Concise Manuals for People and Machines

The process of programming is evolving. The skills required for programmers are also changing. There was a time when I measured my abilities by the number of tools, frameworks, and libraries I knew. The more I knew, the more valuable I seemed. That feeling is gone.

Now, engineering activities are shifting from writing code to describing tasks, validating results, and making corrections. The idea is becoming more important than the source code. Natural language prompts are slowly becoming the fifth-generation programming language.

Writing follows a similar pattern. At the beginning of the writing process, I come up with an idea and actively think, which is enjoyable. At the end, I have the finished product, which is also rewarding. But the middle part—editing, restructuring, formatting, checking references—is tedious. What was once fun has become routine. Experience transforms repetition into craft, and craft can be automated with modern technologies.

The focus of self-education is shifting from mastering specific tools to enhancing creativity and self-expression. Writing and editing skills—particularly in crafting manuals—are becoming increasingly important.

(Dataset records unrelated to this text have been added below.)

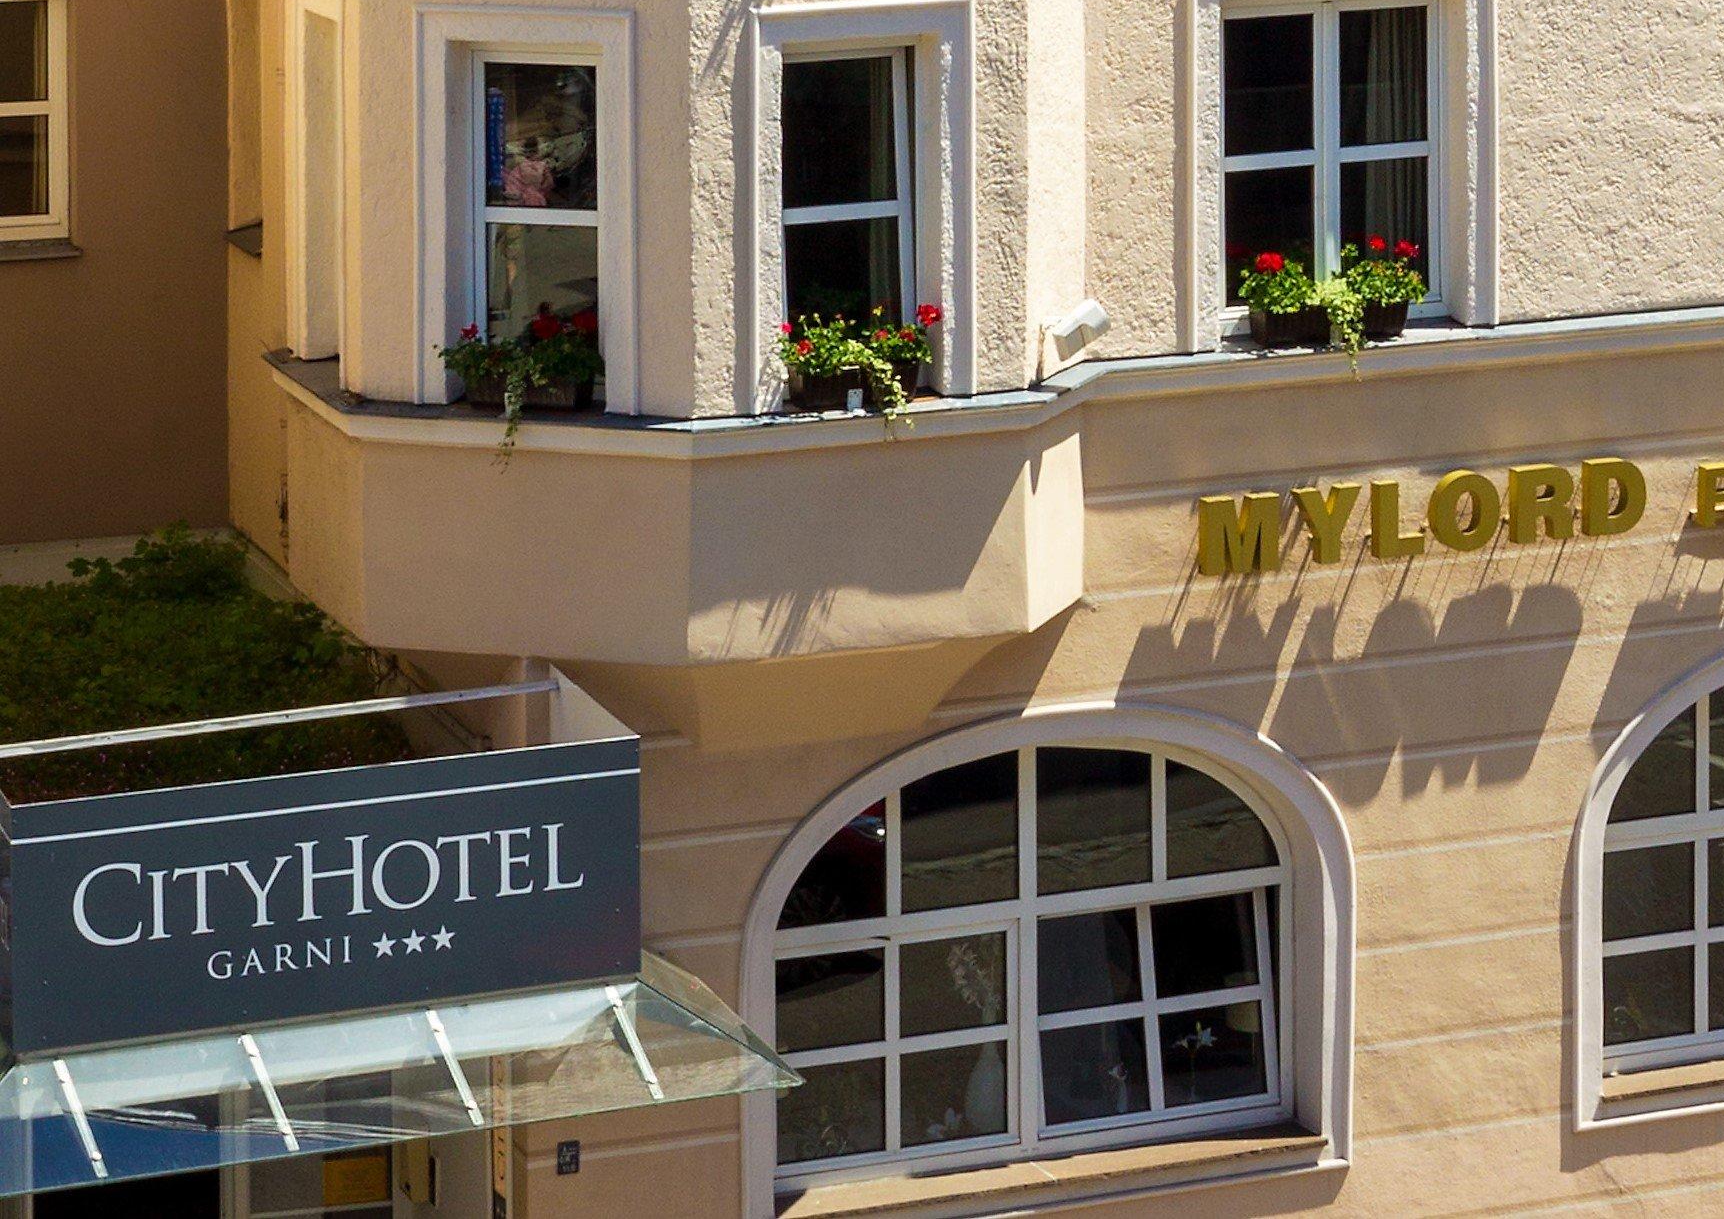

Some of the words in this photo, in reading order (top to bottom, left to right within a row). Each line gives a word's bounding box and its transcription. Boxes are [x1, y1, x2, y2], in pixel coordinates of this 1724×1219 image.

[1199, 458, 1647, 576] MYLORD
[73, 823, 584, 947] CITYHOTEL
[207, 936, 353, 980] GARNI
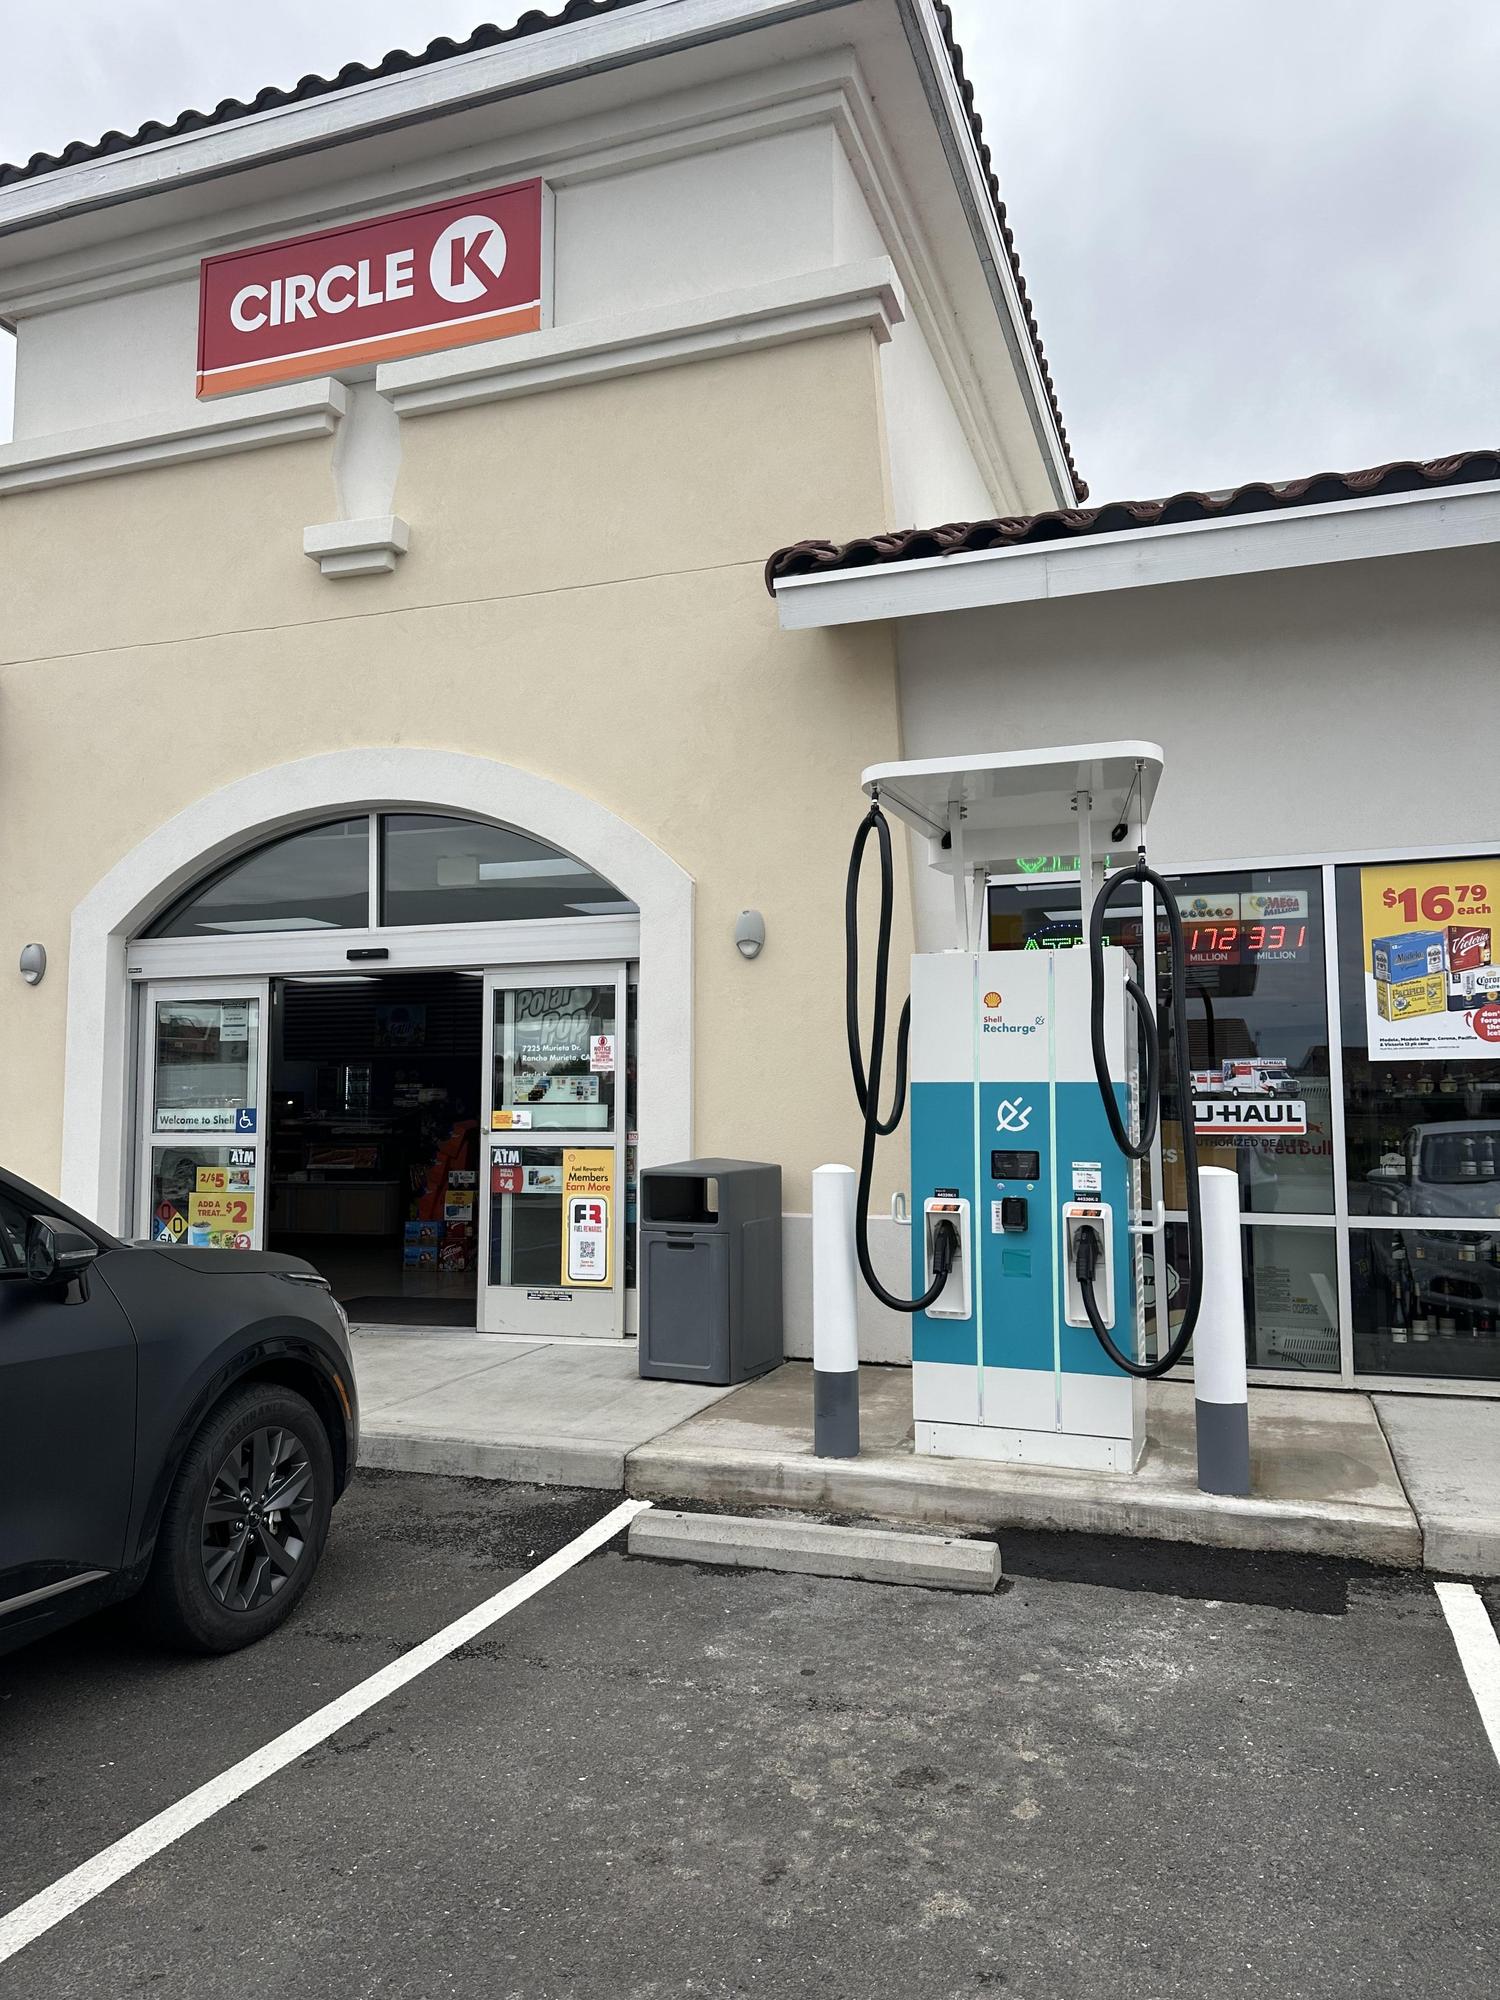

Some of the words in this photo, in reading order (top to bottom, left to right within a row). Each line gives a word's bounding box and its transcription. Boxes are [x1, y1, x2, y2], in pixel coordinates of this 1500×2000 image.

[230, 248, 415, 333] CIRCLE
[1267, 896, 1300, 908] MEGA
[1457, 903, 1492, 915] each
[1190, 927, 1238, 951] 172
[1248, 925, 1306, 950] 331
[1189, 952, 1228, 962] MILLION
[1256, 951, 1296, 960] MILLION
[983, 1023, 1036, 1034] Recharge
[1193, 1104, 1302, 1122] U-HAUL
[160, 1116, 199, 1124] Welcome
[201, 1116, 210, 1124] to
[213, 1115, 234, 1124] Shell
[1196, 1138, 1259, 1147] UTHORIZED
[231, 1149, 254, 1163] ATM
[494, 1150, 520, 1163] ATM
[200, 1173, 224, 1188] 2/$5
[568, 1173, 609, 1182] Members
[500, 1178, 514, 1190] $4
[566, 1182, 585, 1191] Earn
[587, 1182, 611, 1191] More
[226, 1200, 248, 1223] $2
[173, 1217, 182, 1233] 0
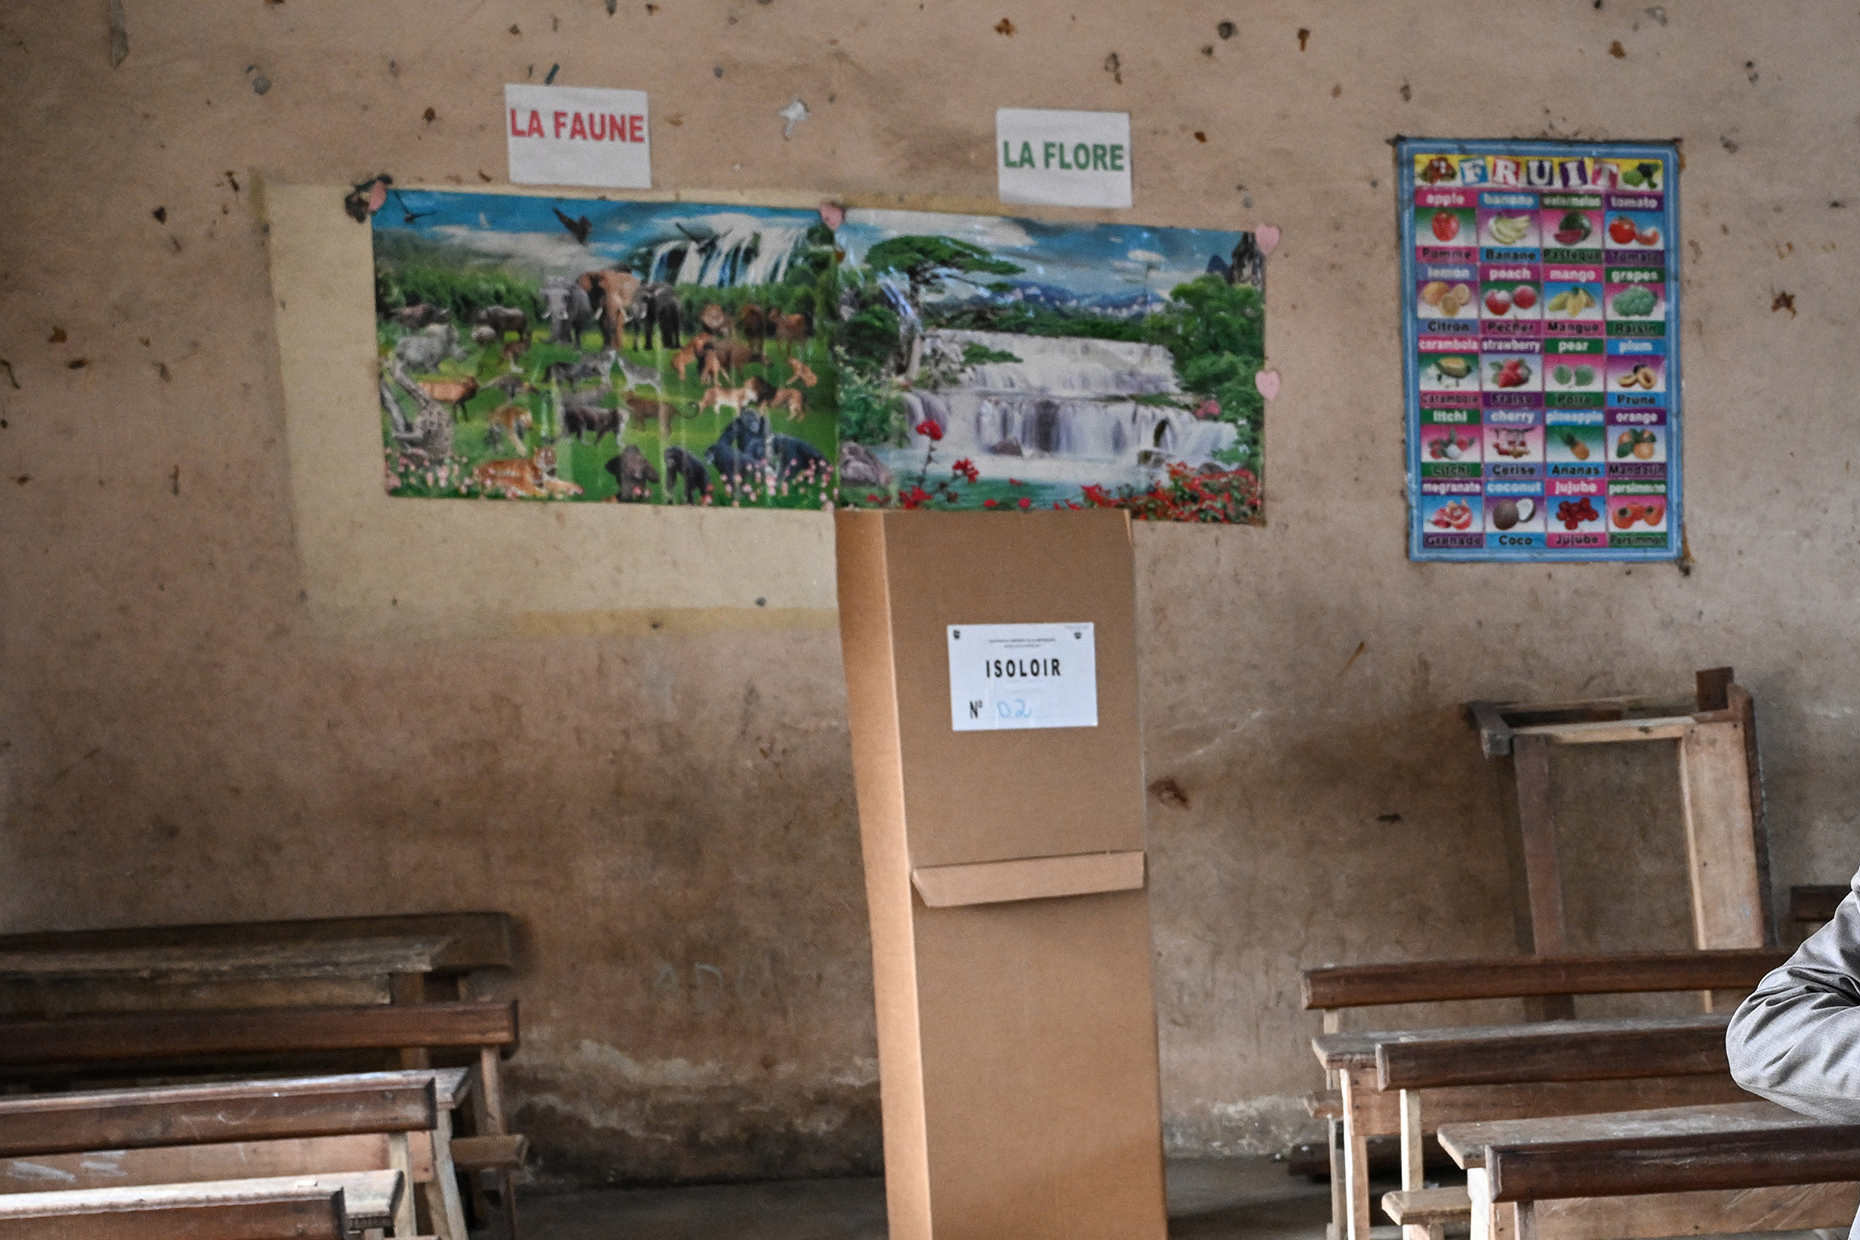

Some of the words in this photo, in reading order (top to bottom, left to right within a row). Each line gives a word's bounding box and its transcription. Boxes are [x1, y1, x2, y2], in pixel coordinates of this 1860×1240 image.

[510, 108, 545, 138] LA
[554, 110, 645, 143] FAUNE
[1003, 140, 1036, 169] LA
[1043, 141, 1125, 172] FLORE
[1460, 158, 1619, 187] FRUIT
[1426, 193, 1465, 206] apple
[1611, 196, 1658, 208] tomato
[1422, 247, 1471, 259] Pomme
[1485, 249, 1536, 260] Banane
[1489, 268, 1531, 282] peach
[1549, 270, 1596, 282] mango
[1611, 271, 1658, 283] grapes
[1427, 321, 1470, 332] Citron
[1548, 322, 1599, 334] Mangue
[1558, 342, 1589, 354] pear
[1617, 394, 1656, 405] Prune
[1491, 410, 1535, 424] cherry
[1615, 412, 1658, 424] orange
[1492, 464, 1535, 475] Cerise
[1552, 465, 1600, 475] Ananas
[1499, 535, 1533, 545] Coco
[985, 658, 1061, 678] ISOLOIR

It’s worth learning how to write manuals for machines that, in turn, would produce manuals for me.

After multiple experiments with LLM-based systems, I found that the ability to write clear, concise instructions is becoming a crucial skill. The challenge is achieving a good trade-off between token usage, response quality, and hallucination rate. This requires a systematic approach to documentation.

Writing for Both Audiences

When writing documentation today, we should keep both human and machine readers in mind. The same document should serve as:

  • A clear guide for human developers
  • An effective prompt for LLM-based tools
  • A reliable source for RAG systems

This dual-purpose writing requires careful attention to structure and clarity. Each piece of documentation becomes a potential instruction set for future automation.

The Art of Manual Writing

The methodology of manual writing often resembles a decision tree. It breaks down complex processes into series of small, atomic steps. The key principles include:

  1. Keep instructions concise (5-7 steps)
  2. Be explicit about important details
  3. Maintain consistent structure
  4. Focus on atomic, verifiable actions
  5. Include sufficient context

This approach works well because:

  • Humans can typically remember 7±2 items in short-term memory
  • LLMs experience similar limitations with context windows
  • Shorter instructions reduce the chance of steps being skipped
  • Clear structure improves both human comprehension and machine parsing

The Value of Documentation Skills

The ability to write good documentation is transforming from a nice-to-have skill into a crucial competency. When I document my thought process, preferences, and problem-solving approaches, I’m not just writing for other developers—I’m creating training material for AI assistants.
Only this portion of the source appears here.